▸ ASSIGNMENT
Text only, exactly as given: reproduce the entries below without their pictures.

▸ PROVIDED ENTRIES
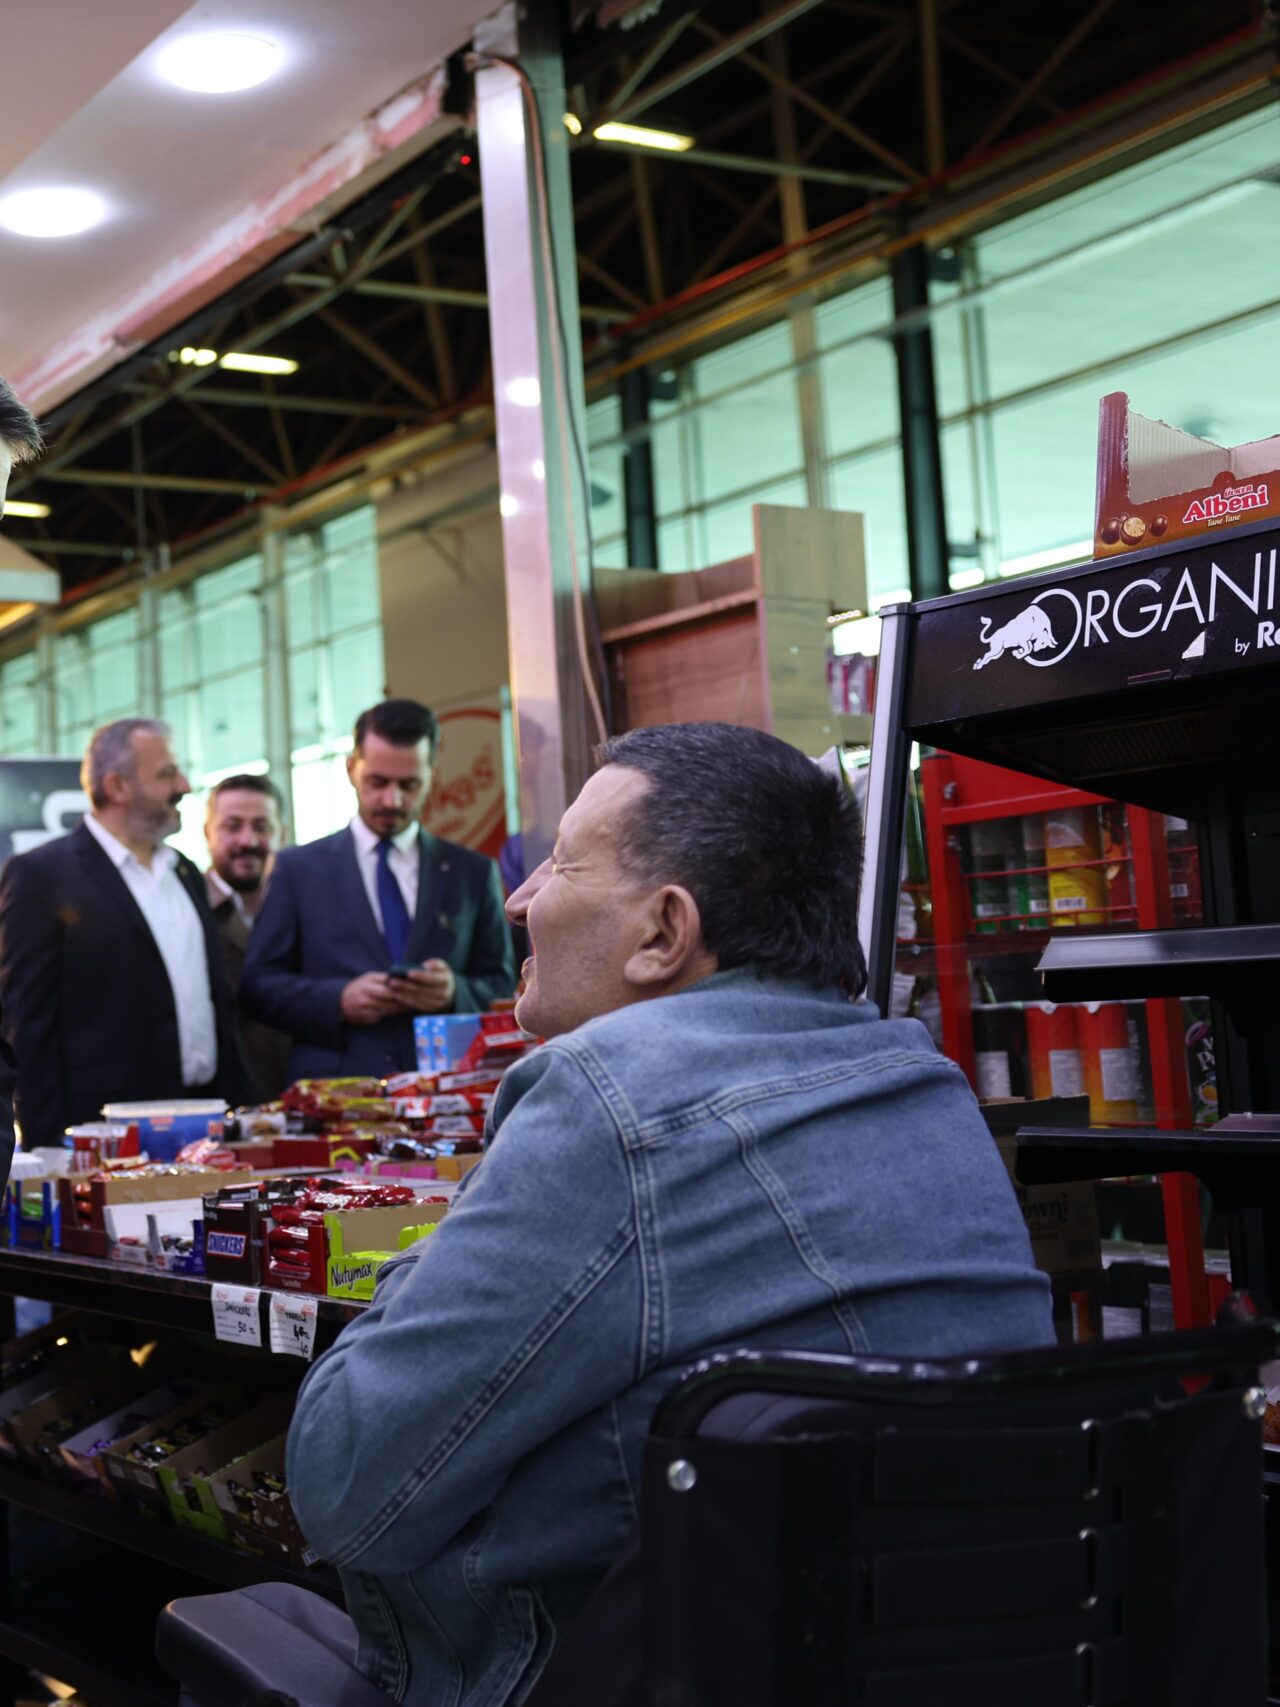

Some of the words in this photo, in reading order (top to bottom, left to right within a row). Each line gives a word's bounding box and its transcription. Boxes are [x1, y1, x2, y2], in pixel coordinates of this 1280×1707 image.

[1224, 485, 1253, 498] ÜLKER
[1182, 484, 1269, 524] Albeni
[1207, 518, 1223, 527] Tane
[1225, 514, 1241, 523] Tane
[1234, 638, 1251, 656] by
[208, 1234, 244, 1256] SNICKERS
[331, 1262, 373, 1291] Nutymax

▸ RESULT OF THIS TASK
Some of the words in this photo, in reading order (top to bottom, left to right within a row). Each line gives a word's bounding box and its transcription. Boxes are [x1, y1, x2, y2], in pixel coordinates of this 1280×1707 image.

[1224, 485, 1253, 498] ÜLKER
[1182, 484, 1269, 524] Albeni
[1207, 518, 1223, 527] Tane
[1225, 514, 1241, 523] Tane
[1234, 638, 1251, 656] by
[208, 1234, 244, 1256] SNICKERS
[331, 1262, 373, 1291] Nutymax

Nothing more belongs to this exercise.